> Records supplied:
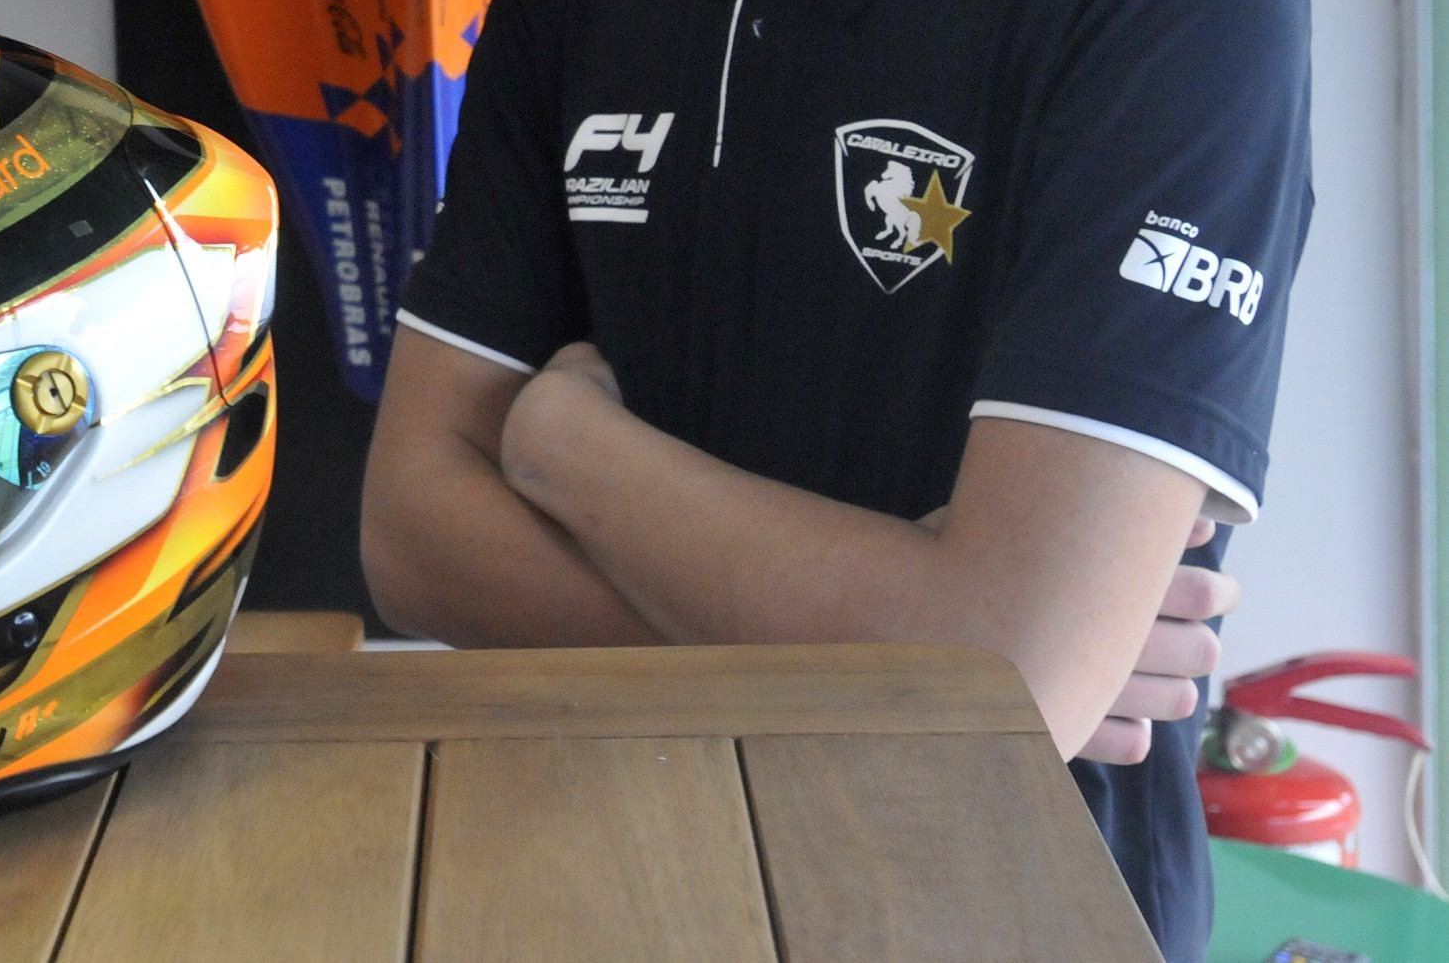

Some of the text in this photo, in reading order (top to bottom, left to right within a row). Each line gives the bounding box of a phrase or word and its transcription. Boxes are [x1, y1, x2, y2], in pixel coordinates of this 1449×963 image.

[563, 112, 676, 173] F4
[846, 133, 962, 169] CAVALEIRO
[565, 177, 651, 194] RAZILIAN
[1144, 209, 1199, 238] banco
[321, 176, 373, 368] PETROBRAS
[364, 199, 394, 338] RENAULT
[861, 246, 922, 267] SPORTS
[1172, 244, 1264, 326] BRB

> Required action: Exactly repeat the data above; the pictures do not belong in your copy.

> Written reply:
Some of the text in this photo, in reading order (top to bottom, left to right within a row). Each line gives the bounding box of a phrase or word and its transcription. Boxes are [x1, y1, x2, y2], in pixel coordinates of this 1449×963 image.

[563, 112, 676, 173] F4
[846, 133, 962, 169] CAVALEIRO
[565, 177, 651, 194] RAZILIAN
[1144, 209, 1199, 238] banco
[321, 176, 373, 368] PETROBRAS
[364, 199, 394, 338] RENAULT
[861, 246, 922, 267] SPORTS
[1172, 244, 1264, 326] BRB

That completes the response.